What you will do »
The entries that follow should be reproduced exactly, with no images carried over.

Given records »
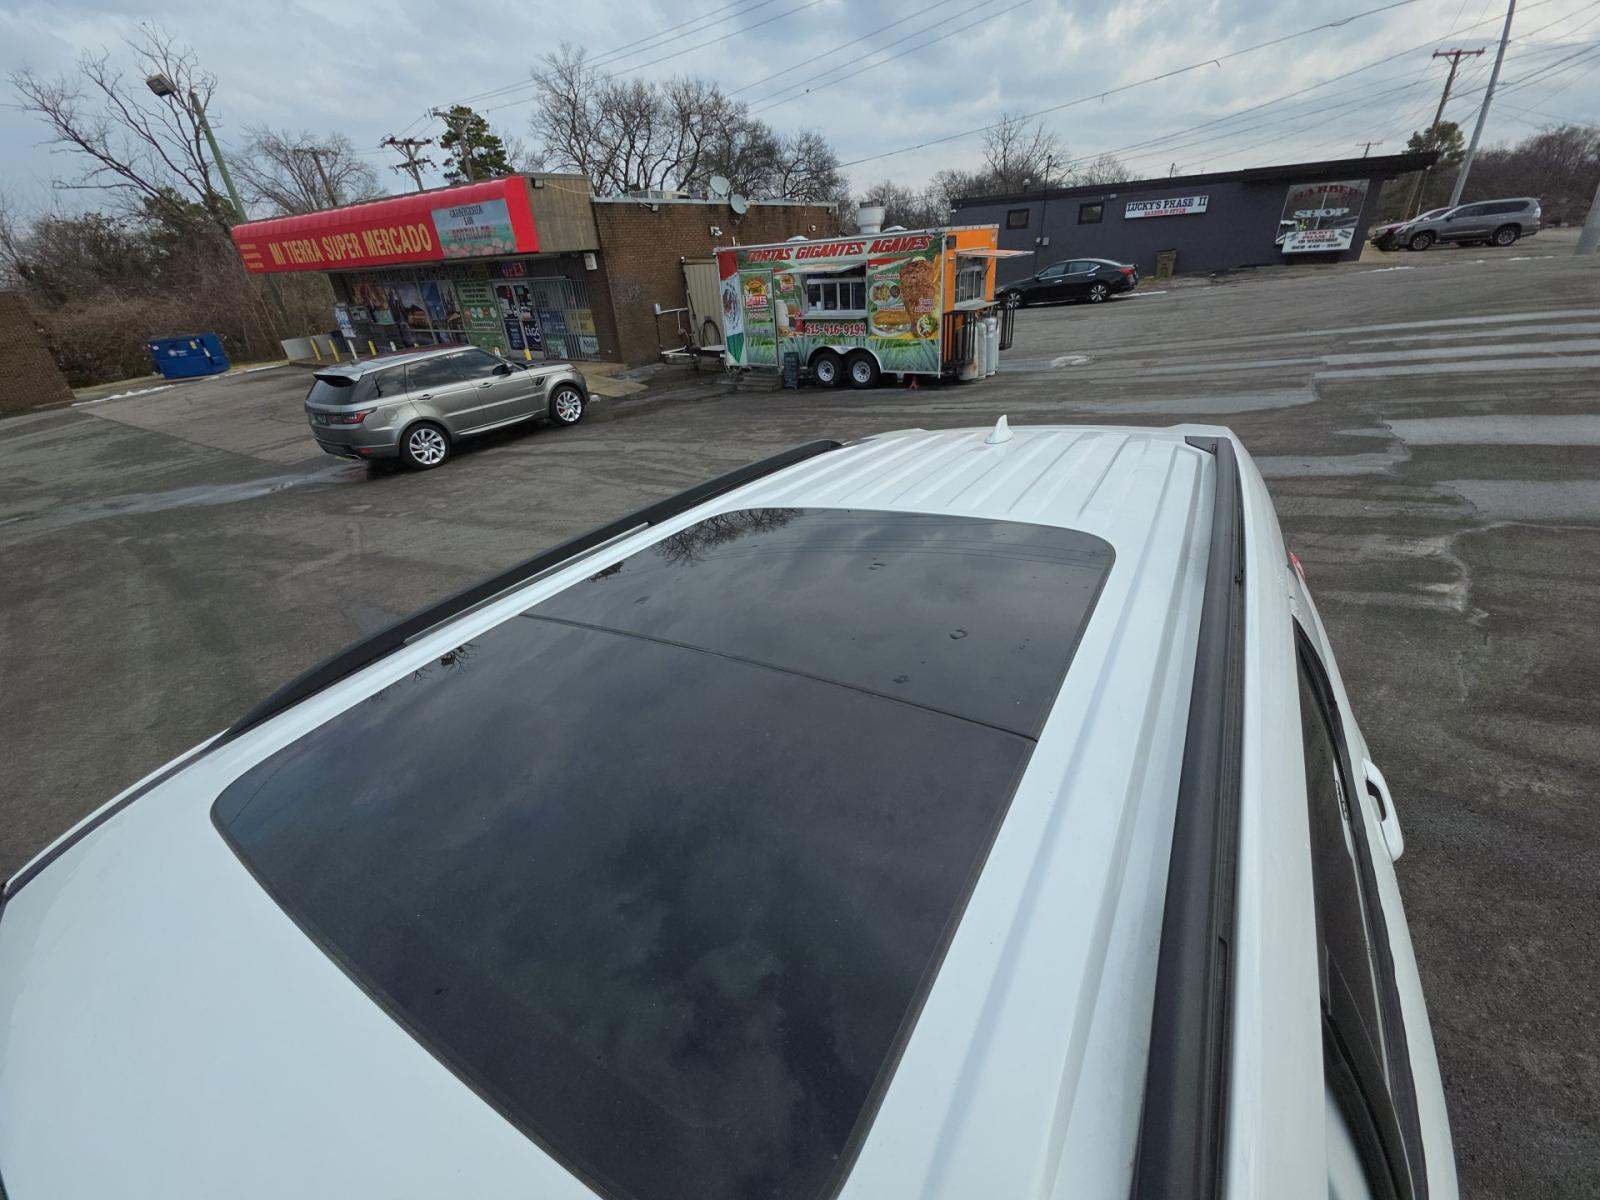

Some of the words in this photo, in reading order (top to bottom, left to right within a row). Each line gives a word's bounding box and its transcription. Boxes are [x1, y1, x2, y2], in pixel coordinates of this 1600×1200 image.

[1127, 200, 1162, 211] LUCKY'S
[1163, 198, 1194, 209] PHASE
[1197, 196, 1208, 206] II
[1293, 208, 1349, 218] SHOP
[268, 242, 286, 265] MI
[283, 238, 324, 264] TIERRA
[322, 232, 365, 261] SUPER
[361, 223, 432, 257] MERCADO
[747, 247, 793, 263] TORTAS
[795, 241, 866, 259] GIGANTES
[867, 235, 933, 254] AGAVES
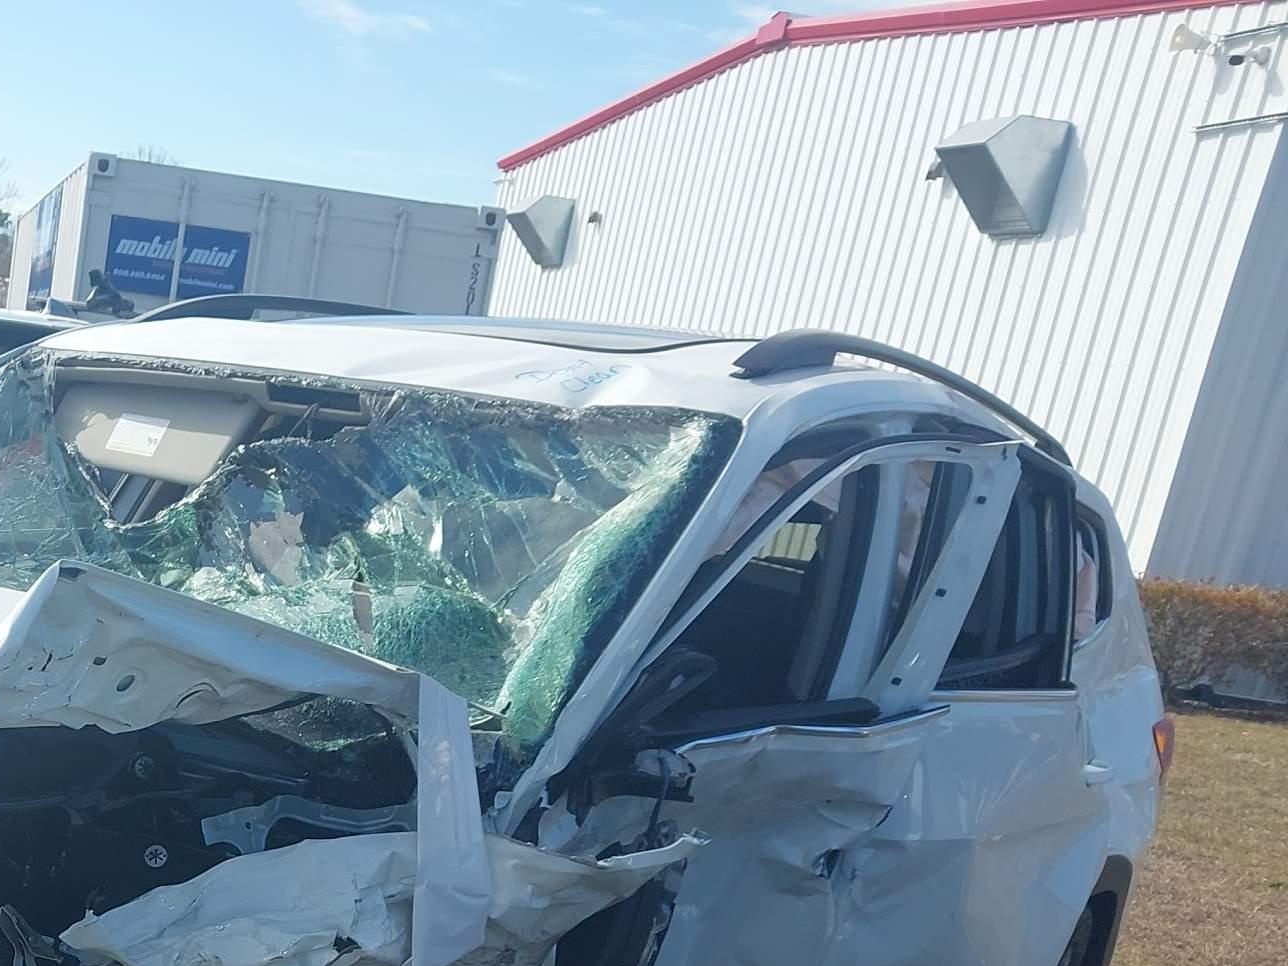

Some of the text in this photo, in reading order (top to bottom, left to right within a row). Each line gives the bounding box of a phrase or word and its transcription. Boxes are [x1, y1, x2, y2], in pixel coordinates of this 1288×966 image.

Output for this task »
Some of the words in this photo, in reading order (top to bottom, left to right within a row). Each line gives a word's bounding box and its transcription. Boxes are [x1, y1, x2, y2], in pixel coordinates of this 1600×1200 image.

[1127, 200, 1162, 211] LUCKY'S
[1163, 198, 1194, 209] PHASE
[1197, 196, 1208, 206] II
[1293, 208, 1349, 218] SHOP
[268, 242, 286, 265] MI
[283, 238, 324, 264] TIERRA
[322, 232, 365, 261] SUPER
[361, 223, 432, 257] MERCADO
[747, 247, 793, 263] TORTAS
[795, 241, 866, 259] GIGANTES
[867, 235, 933, 254] AGAVES

Some of the text in this photo, in reading order (top to bottom, left to right within a row). Each line gives the bounding box of a phrase or word and its transcription. Boxes are [x1, y1, x2, y2], in pixel coordinates of this 1288×966 image.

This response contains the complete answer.